The US stock markets have recovered swiftly from the lows hit in March. The S&P 500 (NYSEARCA:SPY) and the Dow Jones Industrial Average Index (NYSEARCA:DIA) have gained 26.3% and 25.1% since the lows on March 23.
Driving force behind US stock markets
The driving force behind the recovery in US stock markets, despite ongoing lockdowns amid COVID-19, has been the Federal Reserve’s stimulus package. However, not many hedge fund managers think that the stimulus will drive any significant future growth in the economy.
Stanley Druckenmiller and David Tepper on US stock markets
Stanley Druckenmiller is one of the hedge fund managers with doubts. While speaking to the Economic Club of NY, he said that the Fed’s stimulus package in March was “somewhat puzzling and aggressive.” He doesn’t think that these programs will spur future economic growth. Druckenmiller also thinks that the risk-reward ratio for the equity markets is the worst he has ever seen.
David Tepper said that the stock market is the second-most overvalued he has seen since the 1999 dot-com bubble. He also said, “The market’s pretty high and the Fed’s put a lot of money in here … the market is by anybody’s standard pretty full.”

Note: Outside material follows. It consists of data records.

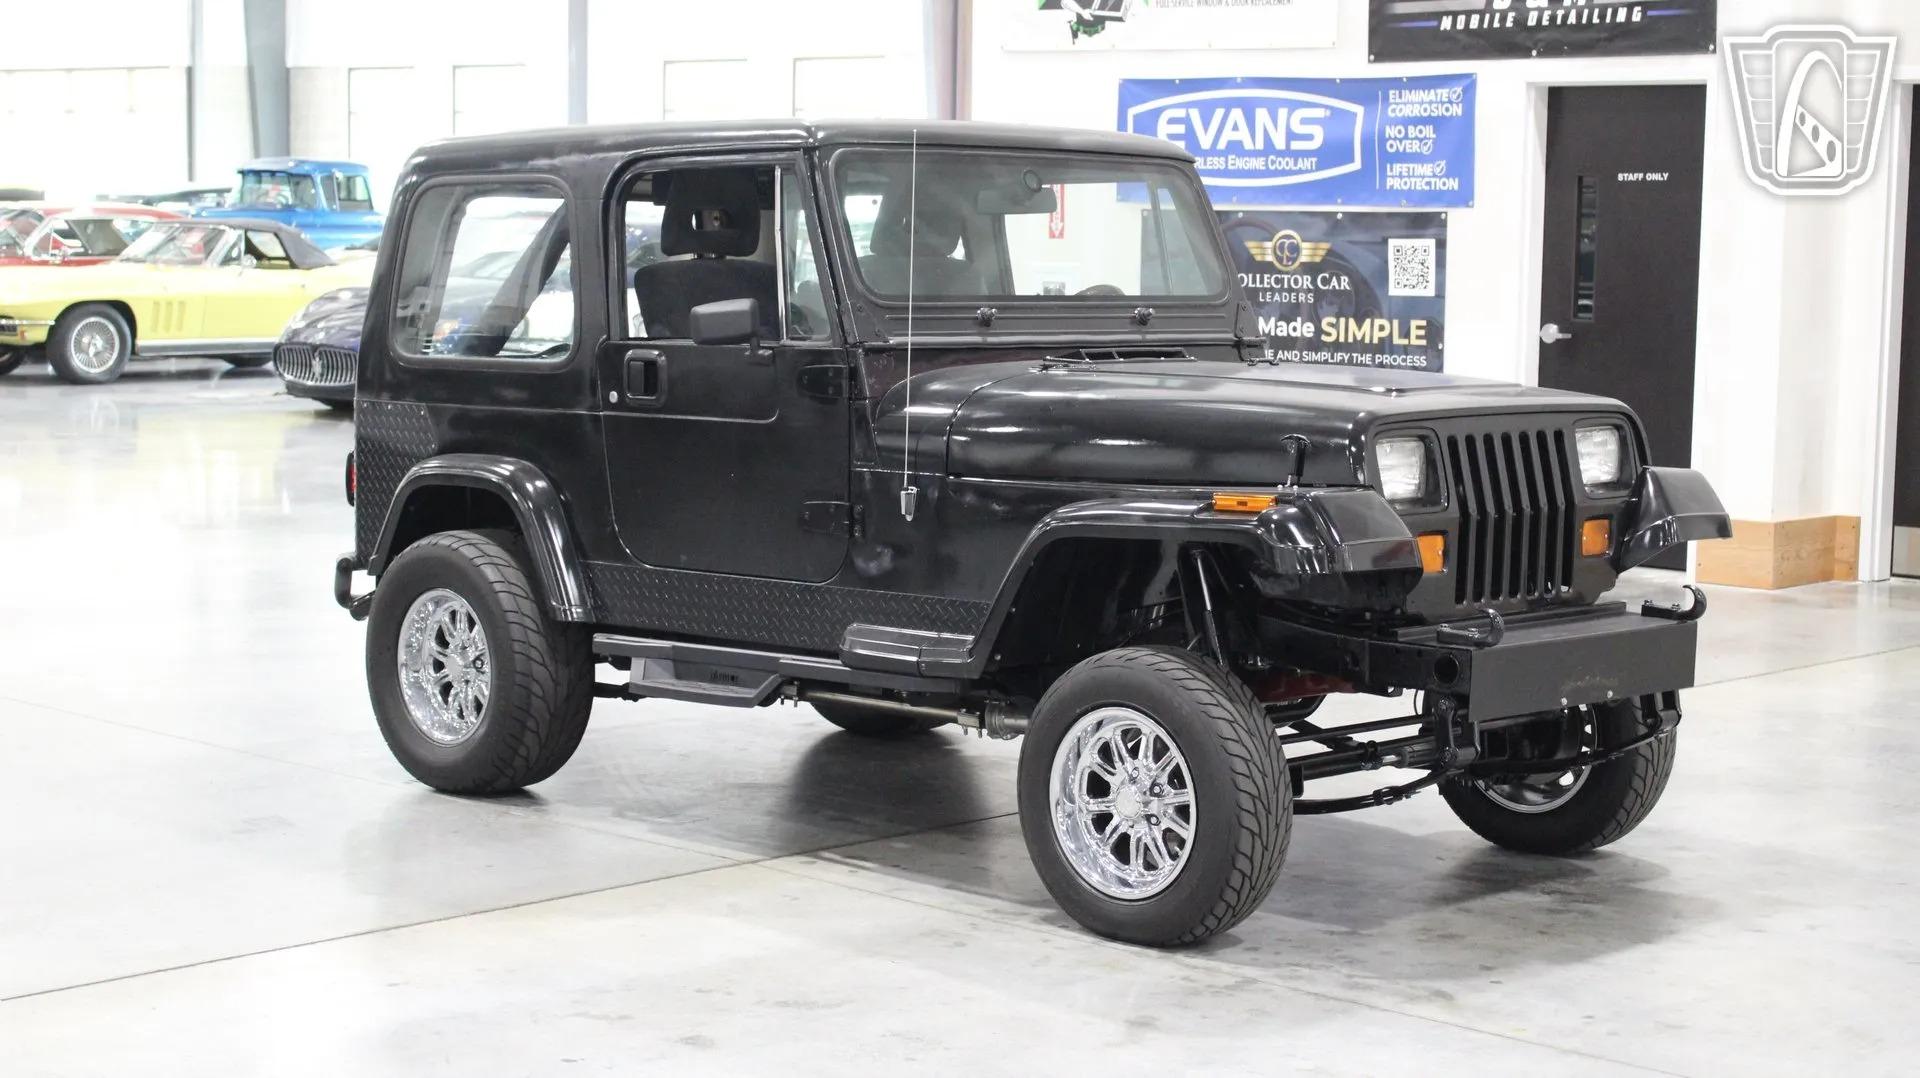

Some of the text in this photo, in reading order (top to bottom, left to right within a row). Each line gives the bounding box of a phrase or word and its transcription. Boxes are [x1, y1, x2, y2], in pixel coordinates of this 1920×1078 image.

[1440, 6, 1642, 31] MOBILE DETAILING
[1388, 89, 1449, 103] ELIMINATE
[1387, 103, 1463, 118] CORROSION
[1156, 107, 1326, 151] EVANS
[1385, 125, 1436, 140] NO BOIL
[1386, 140, 1420, 153] OVER
[1193, 156, 1226, 171] RLESS
[1386, 163, 1433, 177] LIFETIME
[1386, 177, 1459, 191] PROTECTION
[1617, 172, 1669, 182] STAFF ONLY
[1237, 273, 1314, 290] OLLECTOR
[1259, 291, 1315, 303] LEADERS
[1257, 315, 1428, 346] Made SIMPLE
[1276, 350, 1300, 363] AND
[1302, 350, 1350, 364] SIMPLIFY
[1351, 352, 1373, 365] THE
[1375, 353, 1428, 367] PROCESS

Fed supports stock markets, not the economy
As reported by ZeroHedge, BMO analyst Daniel Krieter said, “QE has fed through to the real economy in a slower manner than previous QE campaigns.” He discussed how the marginal utility of the debt has been declining. More time will be required to generate the same amount of growth as before. BMO also said, “The expansionary policy thus far has mostly resulted in increased asset prices.”
US stock market has economic reality disconnect
The Fed’s increased money supply isn’t leading to increased consumption. Instead, the money supply has been leading to higher financial asset prices. As a result, there’s a current disconnect between the stock markets and the economic reality in the US.

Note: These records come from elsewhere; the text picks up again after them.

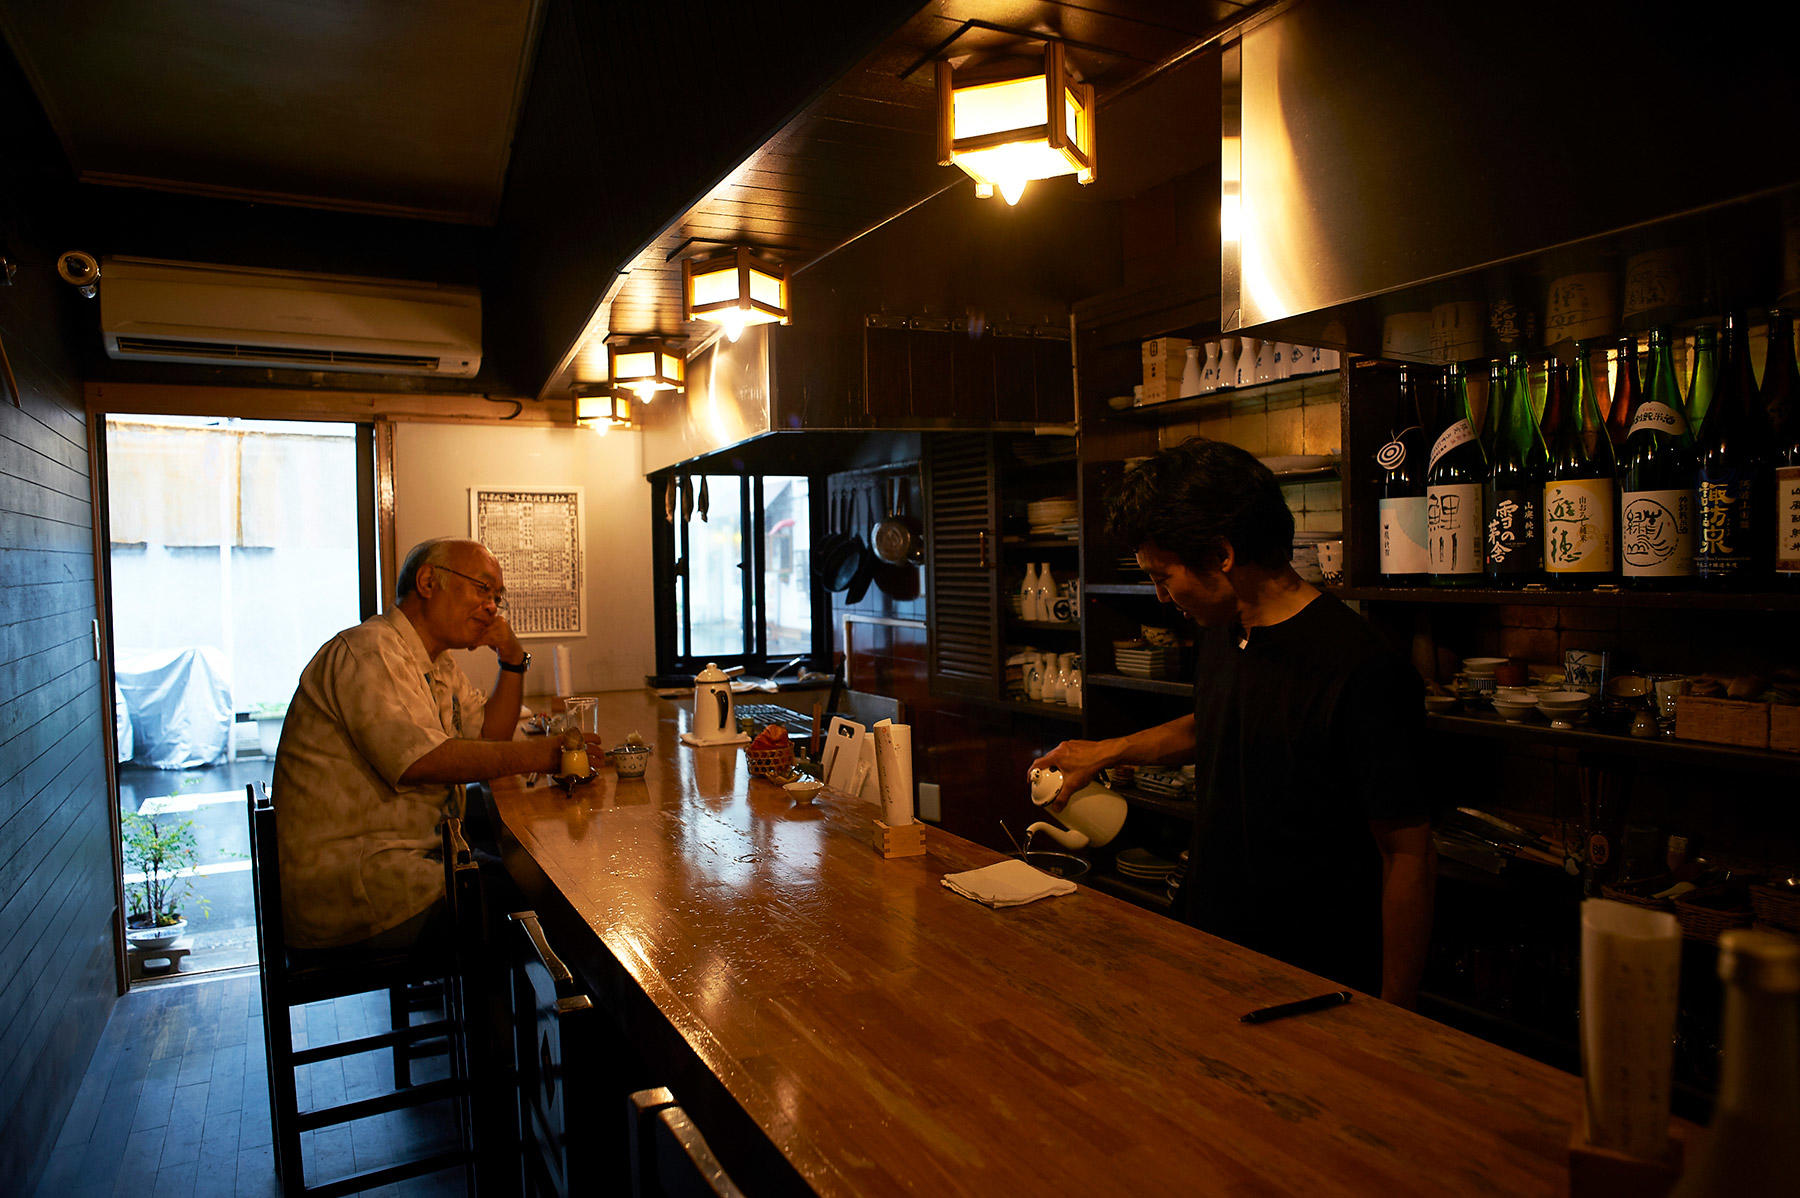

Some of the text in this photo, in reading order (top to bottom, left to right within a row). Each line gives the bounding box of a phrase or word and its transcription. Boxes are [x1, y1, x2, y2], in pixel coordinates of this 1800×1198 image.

[1488, 499, 1519, 563] 雪の茅舎
[1698, 480, 1737, 555] 諏訪泉
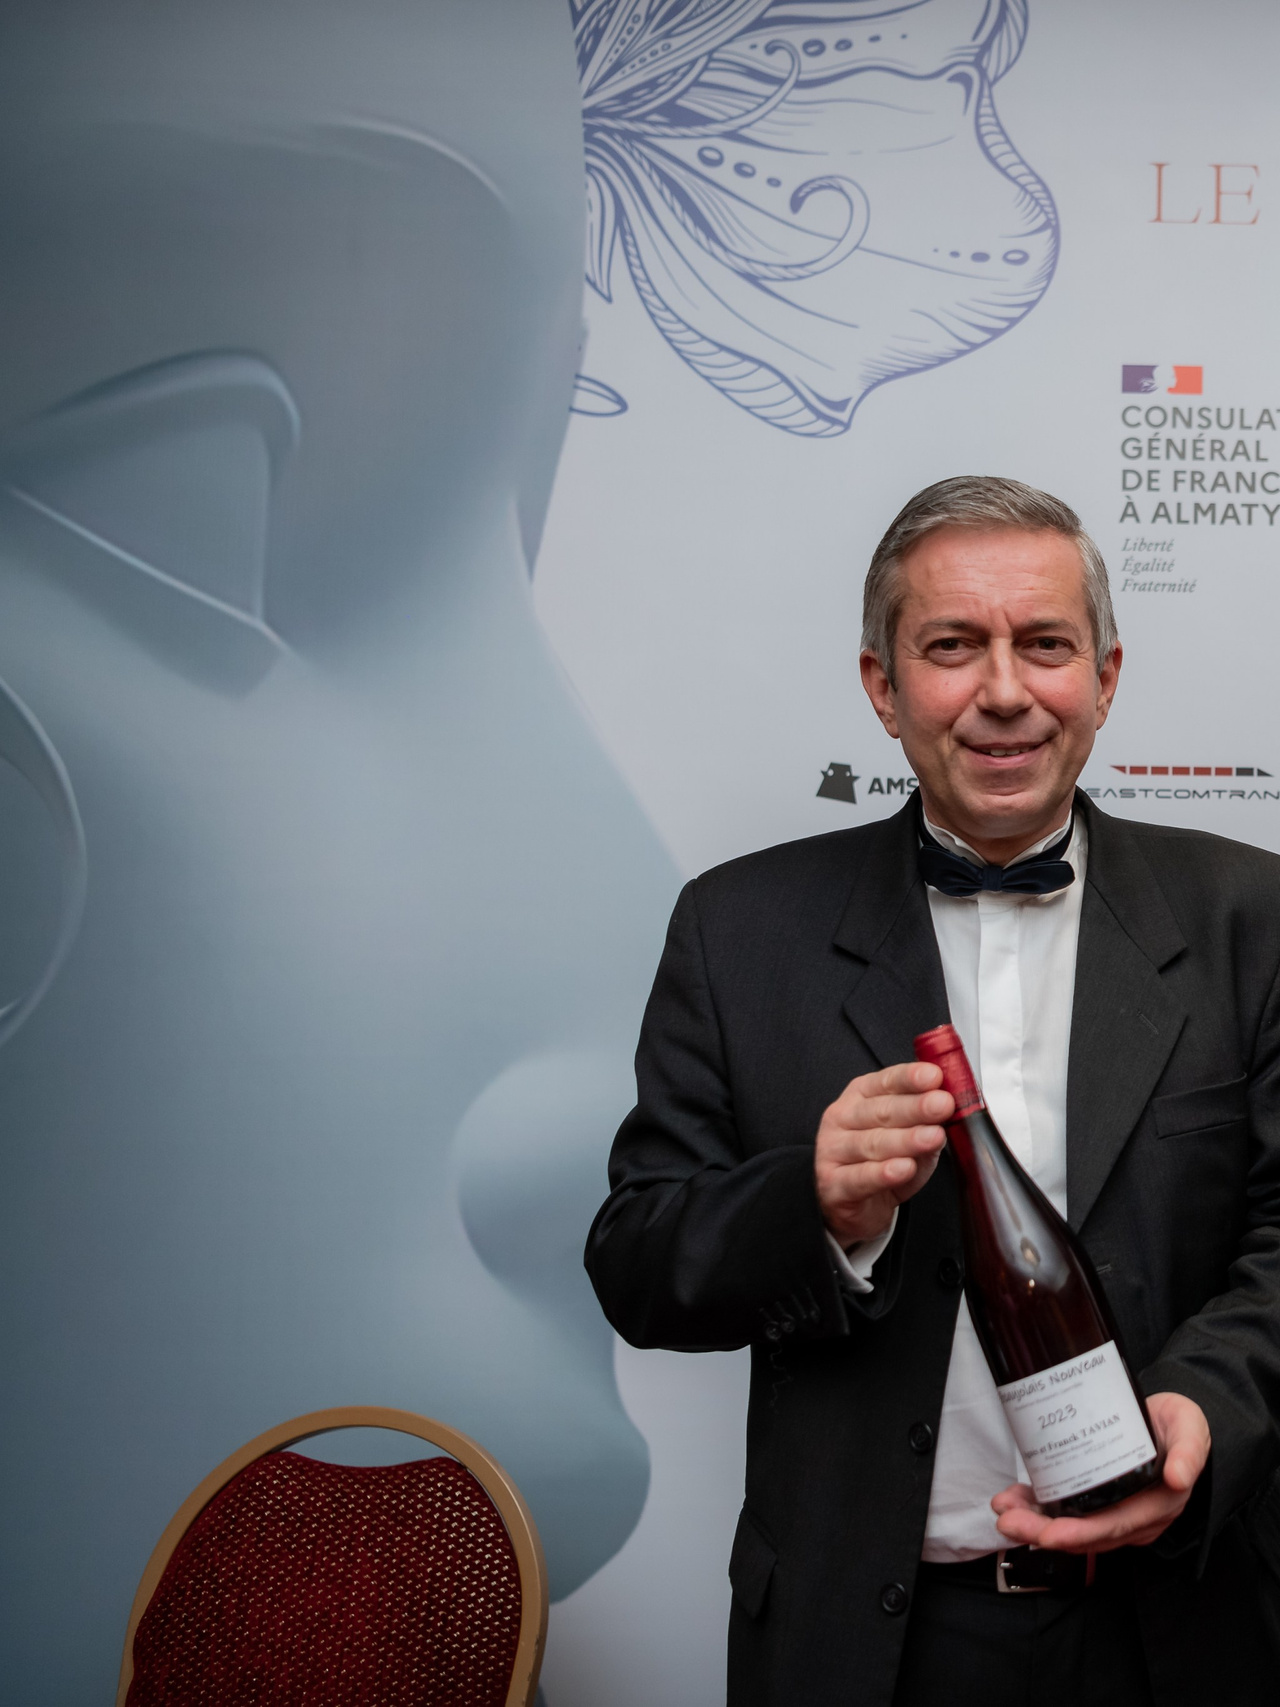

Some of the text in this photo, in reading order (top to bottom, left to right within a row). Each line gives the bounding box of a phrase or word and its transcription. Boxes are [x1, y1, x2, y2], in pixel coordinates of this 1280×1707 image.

[1149, 162, 1261, 226] LE
[1120, 432, 1269, 463] GÉNÉRAL
[1121, 468, 1161, 493] DE
[1119, 495, 1141, 524] À
[1121, 537, 1175, 553] Liberté
[1121, 555, 1175, 576] Égalité
[1121, 578, 1197, 594] Fraternité
[1049, 1353, 1107, 1386] Nouveau
[1036, 1402, 1078, 1431] 2023
[1081, 1412, 1121, 1438] TAVIAN

Read Can the US Stock Market’s Economic Reality Disconnect Continue? to learn more. While the US stock markets have experienced highs, every new economic reading is usually worse than before.
Additional support needed
During a webcast on May 13, Fed Chair Jerome Powell said that additional support will be needed to bring the economy out of the slump. He also quashed any hopes for negative interest rates in the US. He said that it “is not something that we are considering.” After Powell’s comments, the stock markets fell on Wednesday. The NASDAQ Composite Index (NYSEARCA:QQQ) fell by 1.55% on the same day. However, the Fed will follow an easy money policy for a long time if needed. On May 12, the Fed started buying corporate bond ETFs.

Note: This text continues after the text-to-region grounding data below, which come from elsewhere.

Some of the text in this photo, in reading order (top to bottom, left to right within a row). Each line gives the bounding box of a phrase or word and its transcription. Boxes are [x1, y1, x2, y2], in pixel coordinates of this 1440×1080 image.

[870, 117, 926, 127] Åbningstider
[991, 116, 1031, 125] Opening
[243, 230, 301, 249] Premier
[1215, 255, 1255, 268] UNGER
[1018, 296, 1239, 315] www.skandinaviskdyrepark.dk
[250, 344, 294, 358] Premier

However, the Fed’s efforts haven’t led to a meaningful improvement in the economy. Without any corresponding improvement in the economic indicators, stock markets won’t be able to survive on their own. The scenario would only create a bubble that would burst at some time. As a result, investors should tread with caution. They should look at stock fundamentals instead of chasing momentum while making investment decisions.